Showaddywaddy – Under the moon of love
Have you considered a surgeon who can reattach the poor donkey’s balls back where they rightfully belong? What’s his name, by the way (er, the donkey’s, that is)?
Neil: It was his own choice. He wouldn’t be the same with them attached.
Stuart: Good point, they should be raised a at least a few inches at the moment.
No name, I’m afraid. Though Can Our Love… donkey was called Bobtail, sadly no longer with us.
Wire’s best album, 154 or Chairs Missing?
Neil: Tricky one, but I’d have to go for 154; I still listen to it now and again and it still makes the hairs on the back of my neck tingle. I remember lying on my parents living room floor, with my head between the radiogram speakers, listening to it at full volume (before my parents had come home from work) – After the record had finished, I lay there for 10 minutes in silence.
Many people have asked about the synths and drum machines of the new album. I would like to ask Neil about his guitar playing: over the last few albums it has gradually become more experimental and abstract, using effects pedals, ebow, etc. I love it. What can you share with us about this evolution? Was it a sudden decision to widen your sound or is it something that has always been in there?
Neil: I think my experimentation has always been in me – maybe thanks to Wire. With fewer strings, on TSR especially, the sound has allowed me to step up to the front a bit more and, as I’m no soloing Slash-type guitarist, sounds and textures have become something to explore – using delays with the volume pedal came first, followed by the eBow. The rotary guitar effect came from an idea for a cover of “A Man Needs A Maid”, from there, we tried it on a few more songs and it kind of fitted with the sound of the album. The looping pedal is my next hurdle to conquer.
On the last tour, I was saying to Dan (McKinna) how far we’d come from me having no effects, except ‘quiet’ and ‘a bit louder’, to now dealing with nine, very important, pedals – including three distortion/overdrive pedals!
Tindersticks II and Nenette et Boni were the first places I ever heard this beautiful vibraphone sound with tremolo and reverb. I have heard this instrument on jazz records, but it’s always played too fast and without the great sustain. What were your influences in using the vibraphone in that beautiful atmospheric way?
David: It was just there in the studio, Town House III, where we made the first album. We tried just about every instrument they had. It was one of the reasons we went there.
Does Dave have any other short stories lying around, which are darker than “My Sister” or “Chocolate”?

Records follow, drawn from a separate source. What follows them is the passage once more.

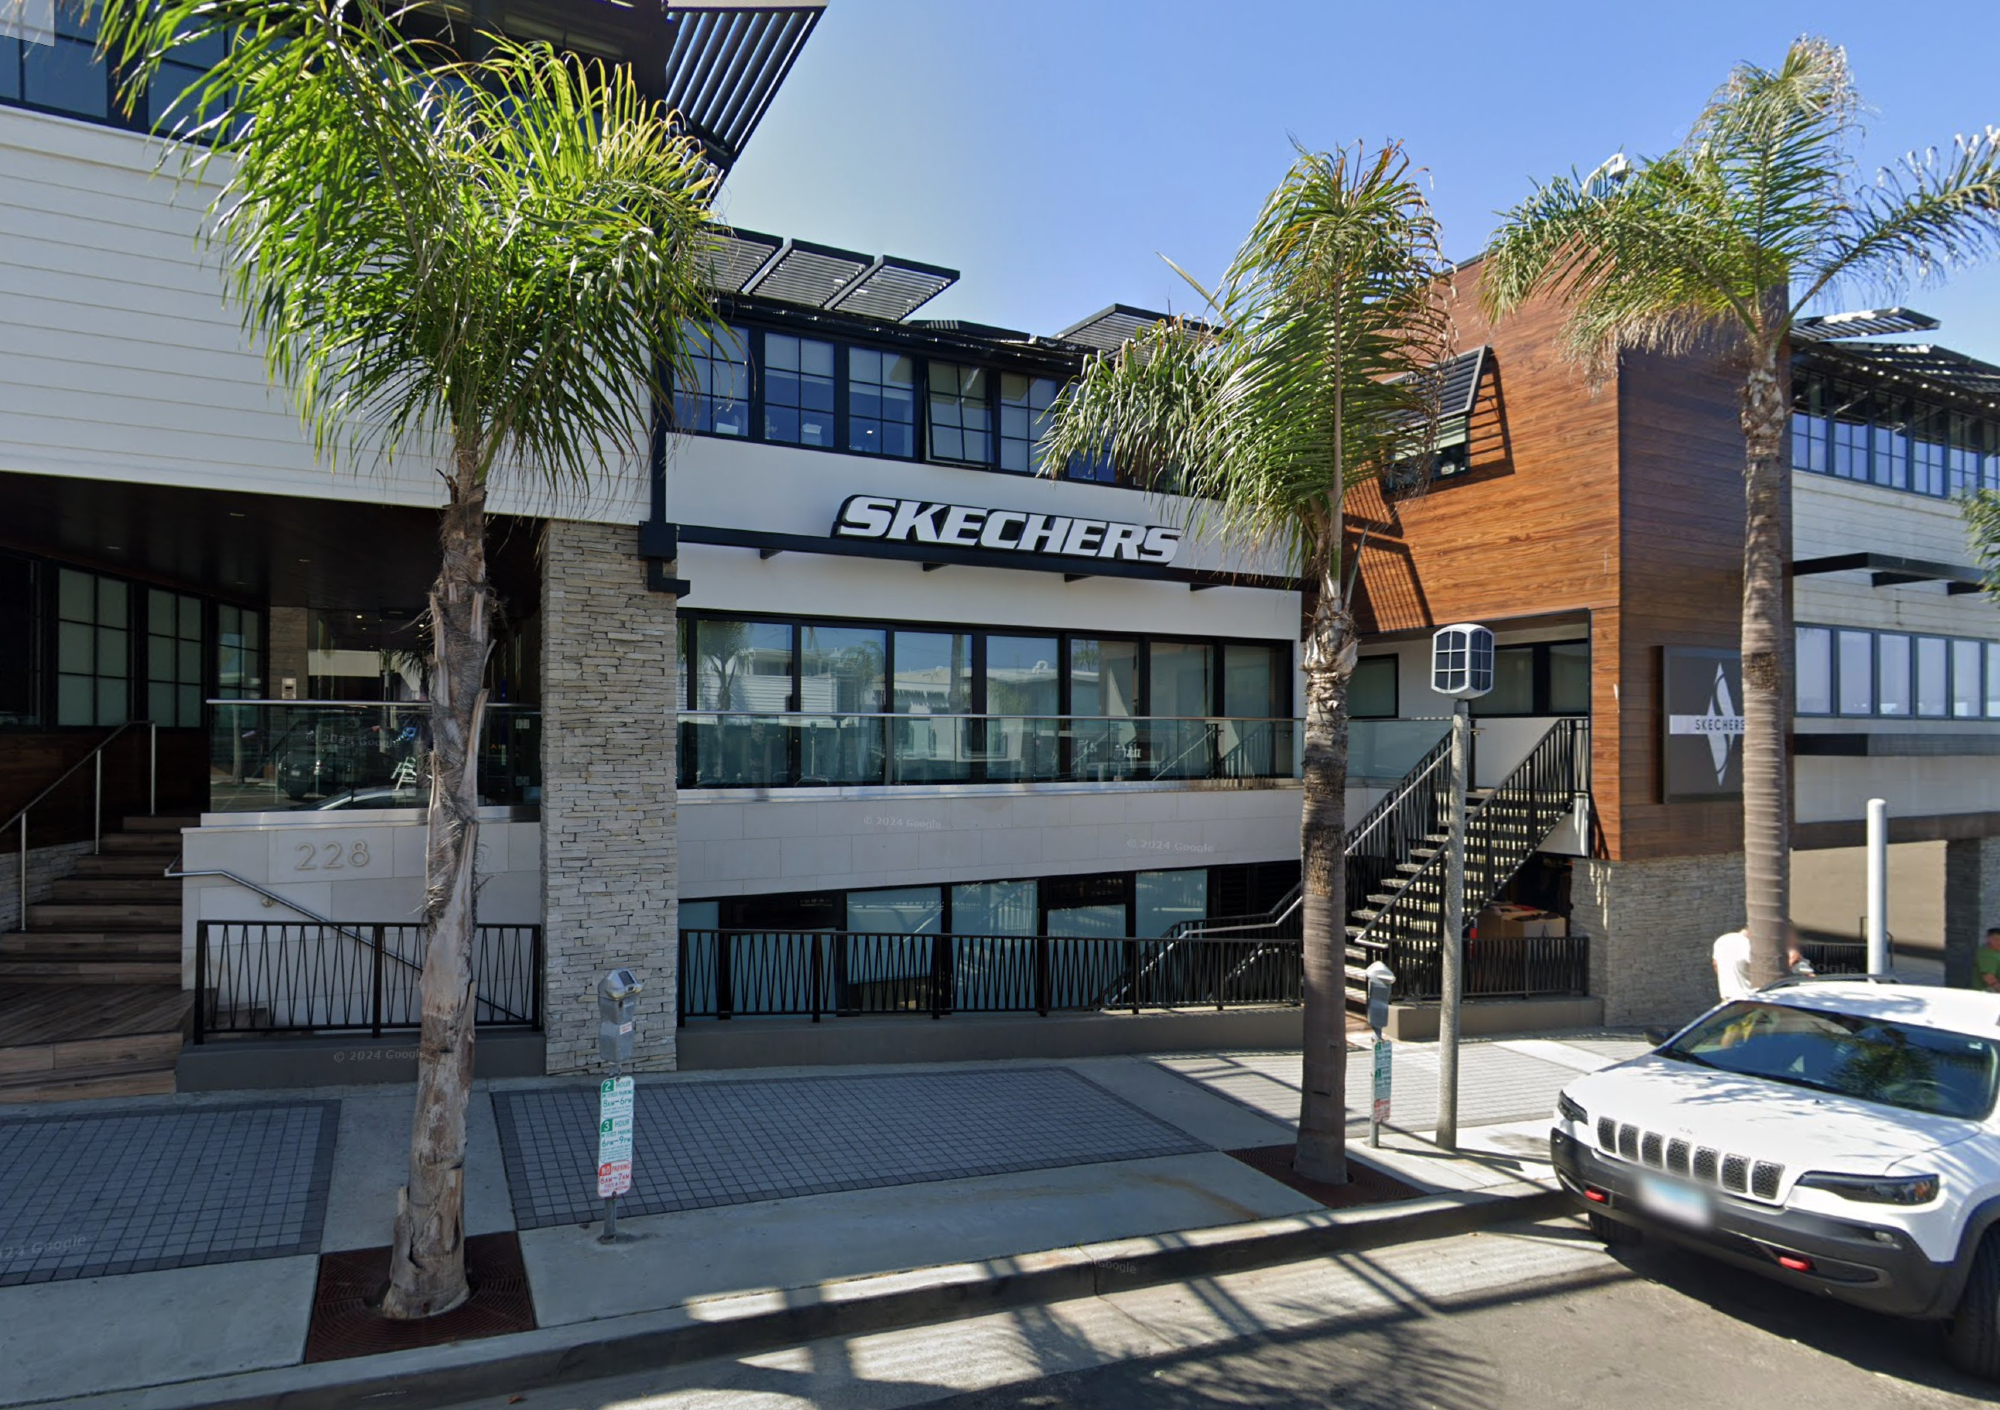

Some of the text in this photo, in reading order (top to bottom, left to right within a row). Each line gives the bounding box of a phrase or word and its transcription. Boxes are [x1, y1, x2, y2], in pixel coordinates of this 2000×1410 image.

[836, 495, 1182, 564] SKECHERS
[1694, 718, 1745, 731] SKECHERS
[294, 841, 369, 871] 228
[604, 1080, 632, 1092] 2 HOUR
[604, 1119, 630, 1131] 3 HOUR
[602, 1164, 630, 1175] NO PARKING

David: Possibly. They’re the only 2 that have gone somewhere. And they had that magic. I didn’t plan either, they just came out. I should push myself. I’m sure I’ve got more.
Earl, your musical resume is filled with almost any musical genre one could think of, playing with diverse groups, from Seal to Air, to your own groups and projects. How does your experience influence your playing with tindersticks?

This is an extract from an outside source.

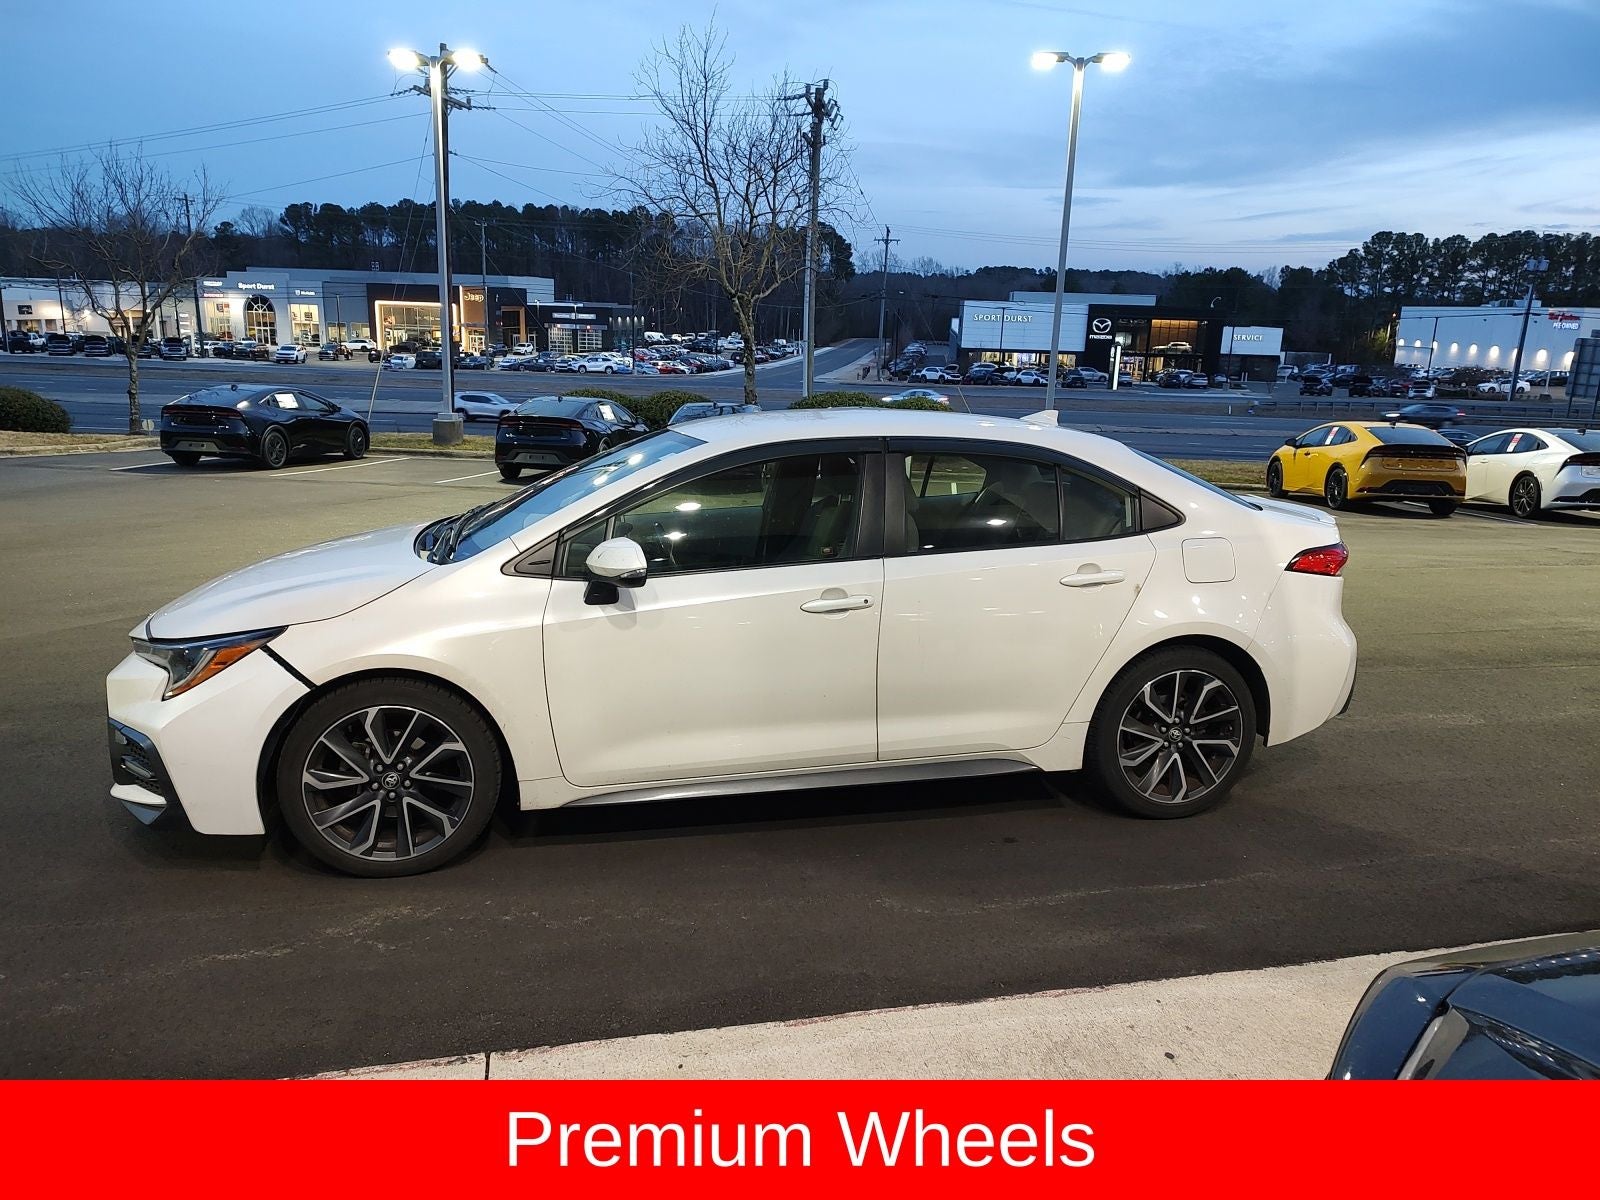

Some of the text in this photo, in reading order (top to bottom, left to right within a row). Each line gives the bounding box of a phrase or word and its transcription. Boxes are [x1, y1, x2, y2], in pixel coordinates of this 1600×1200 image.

[238, 282, 256, 290] Sport
[464, 292, 484, 303] Jeep
[973, 313, 1033, 323] SPORT DURST

Earl: It is difficult to say specifically because to me, every experience has some influence on each other in some way or another either consciously or subconsciously, there is no way for me to “disconnect the dots” so to speak.
And had I had absolutely no prior musical experience I think it would be very unlikely that I would be able to play with tindersticks.

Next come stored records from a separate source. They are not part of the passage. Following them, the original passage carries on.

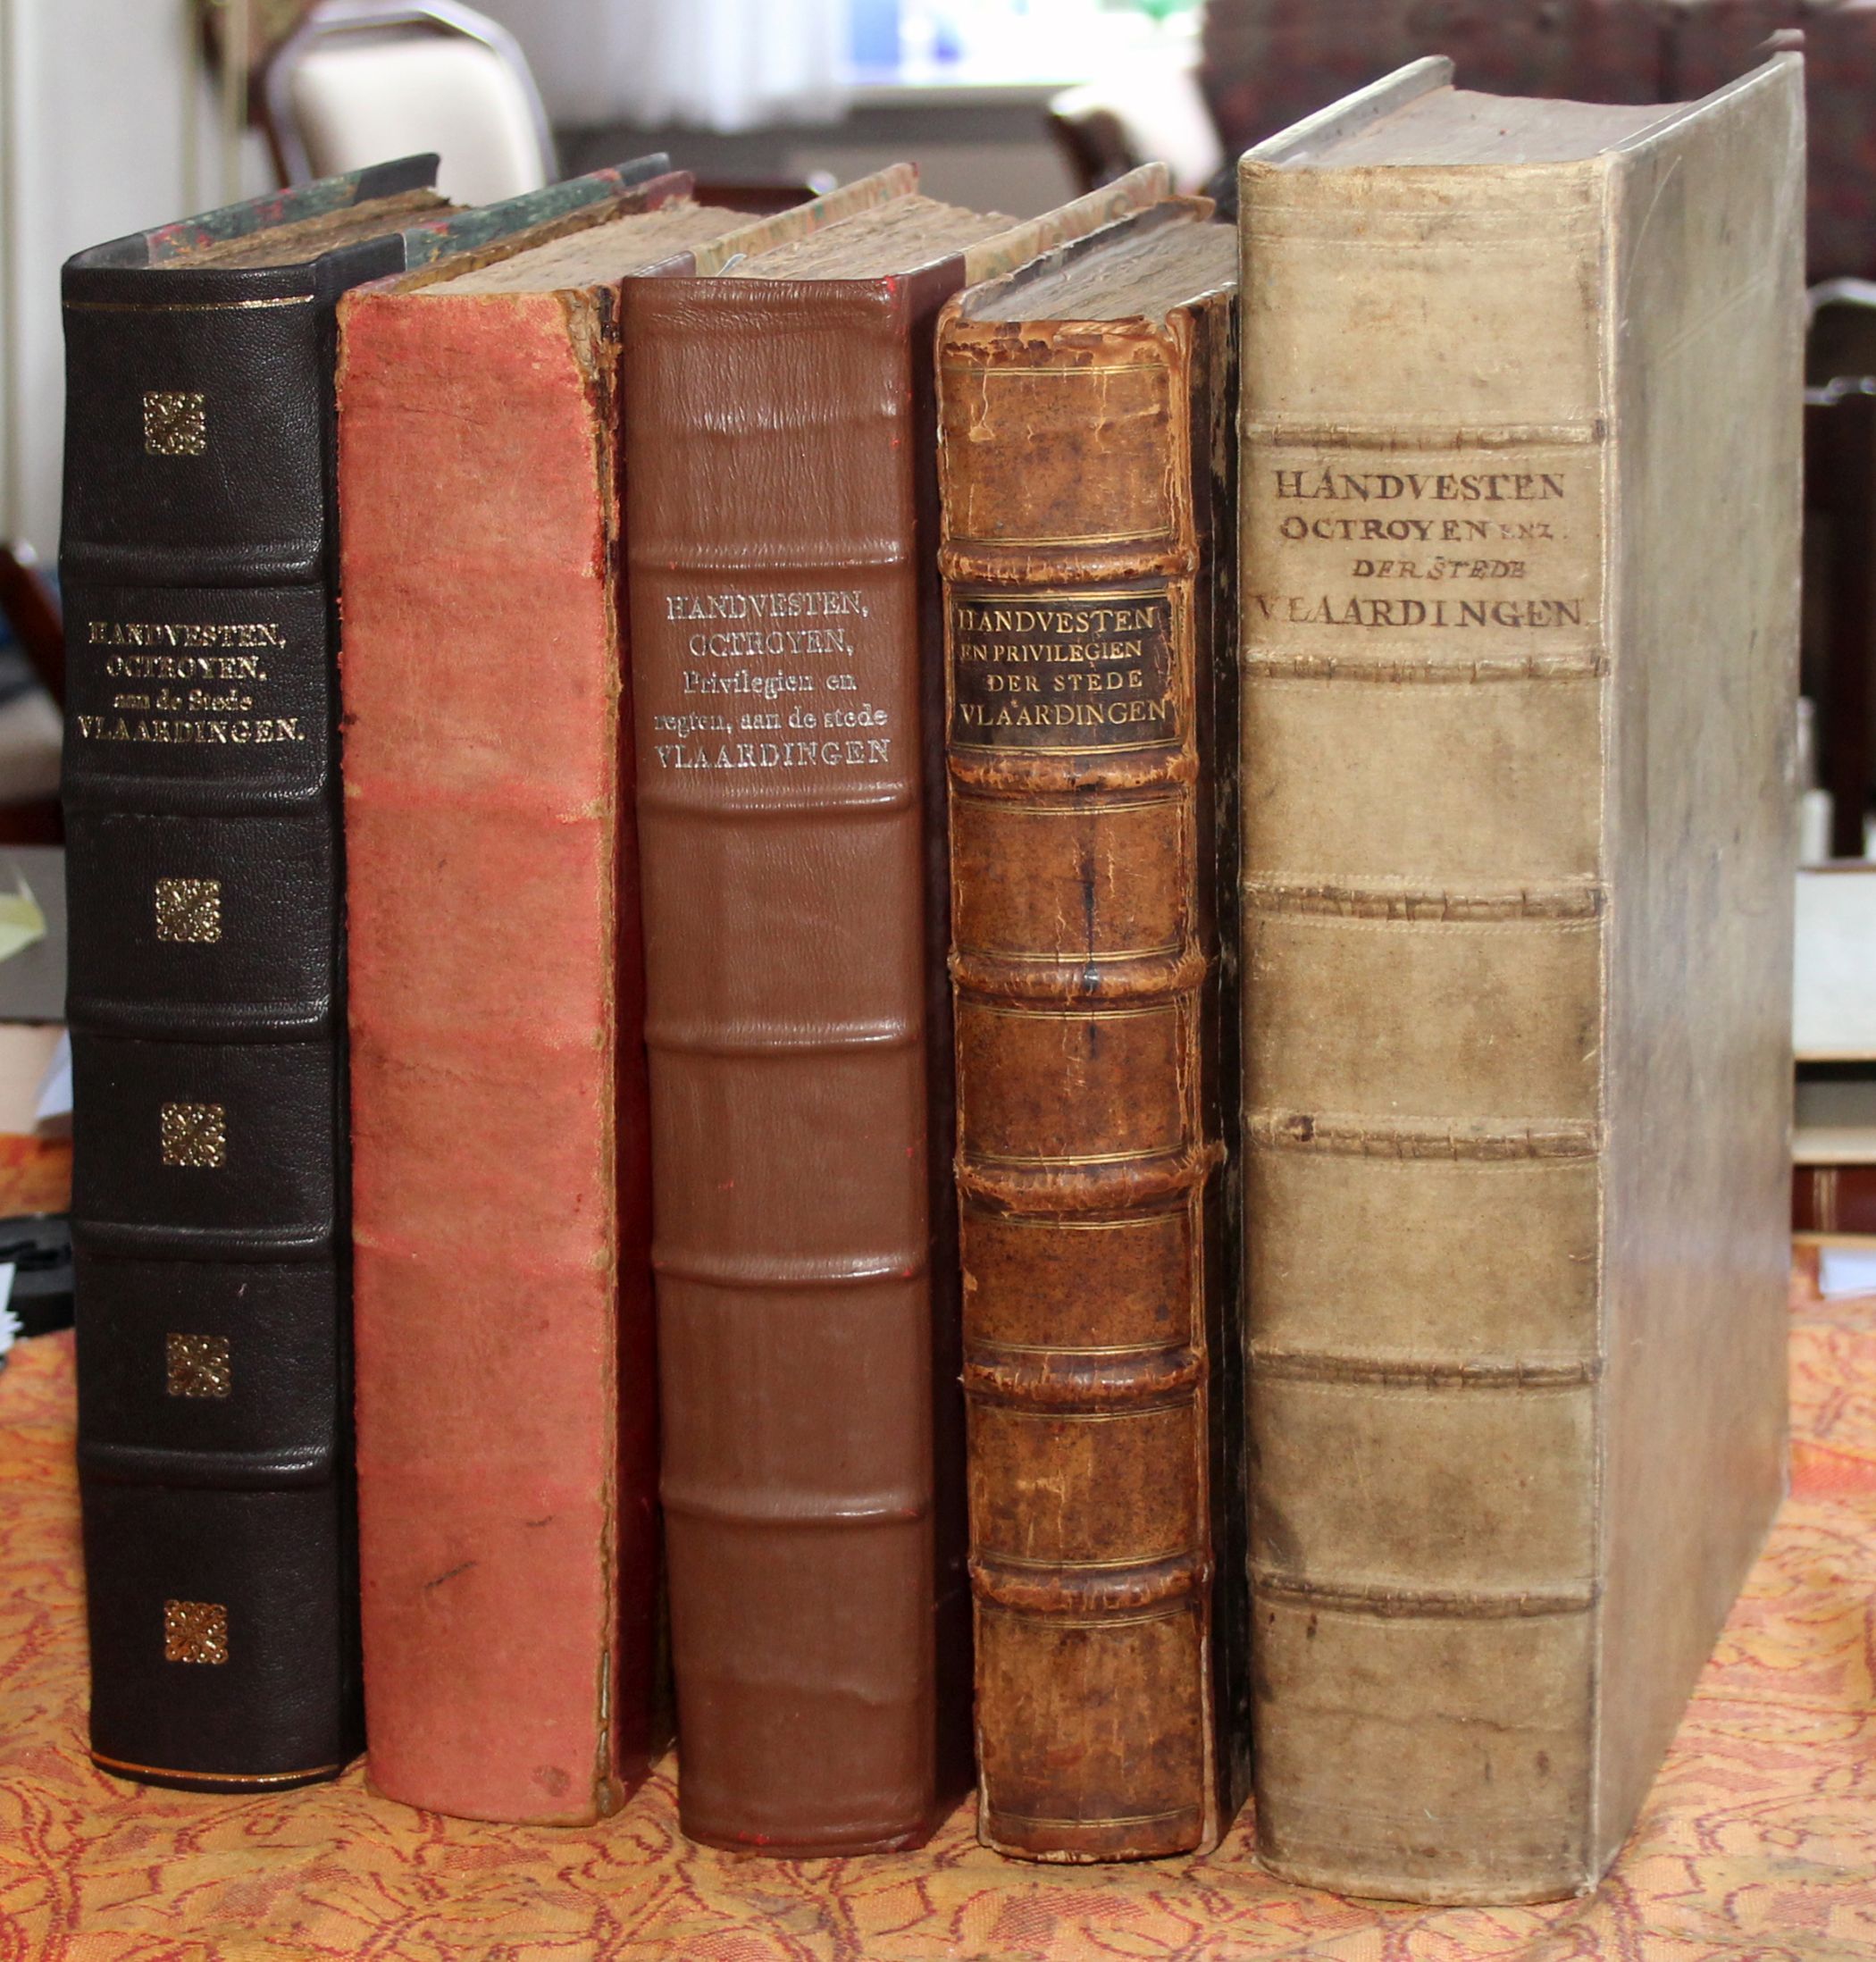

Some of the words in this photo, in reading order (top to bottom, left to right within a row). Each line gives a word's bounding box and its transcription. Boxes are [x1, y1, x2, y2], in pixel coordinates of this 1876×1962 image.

[1275, 466, 1565, 501] HANDVESTEN
[1279, 516, 1487, 541] OCTROYEN
[666, 591, 869, 620] HANDVESTEN,
[1252, 595, 1584, 627] VLAARDINGEN
[959, 607, 1159, 633] HANDVESTEN
[689, 628, 854, 658] OCTROYEN,
[993, 641, 1143, 662] PRIVILEGIEN
[683, 669, 815, 700] Privilegien
[825, 674, 858, 691] en
[987, 675, 1041, 692] DER
[1053, 670, 1143, 692] STEDE
[155, 688, 183, 710] de
[188, 688, 254, 710] Stede
[740, 712, 782, 729] aan
[788, 705, 817, 728] de
[823, 703, 888, 727] stede
[960, 700, 1168, 726] VLAARDINGEN
[654, 739, 892, 768] VLAARDINGEN

At the same time, every situation is totally unique due to the fact that the personalities and approaches to music vary greatly.
So really the only thing that I can say specifically is that working in many other situations has given me enough insight to know that there are as many ways to make music as there are musicians, and that it doesn’t do to make any assumptions whatsoever about musicians’ motivations.
Hopefully I brought that open mindedness to the table when I entered the band.
17 June 2012October 22, 2014 at 15:13 #15074
Just putting these up to the top, since we’ve had quite a few new member recently.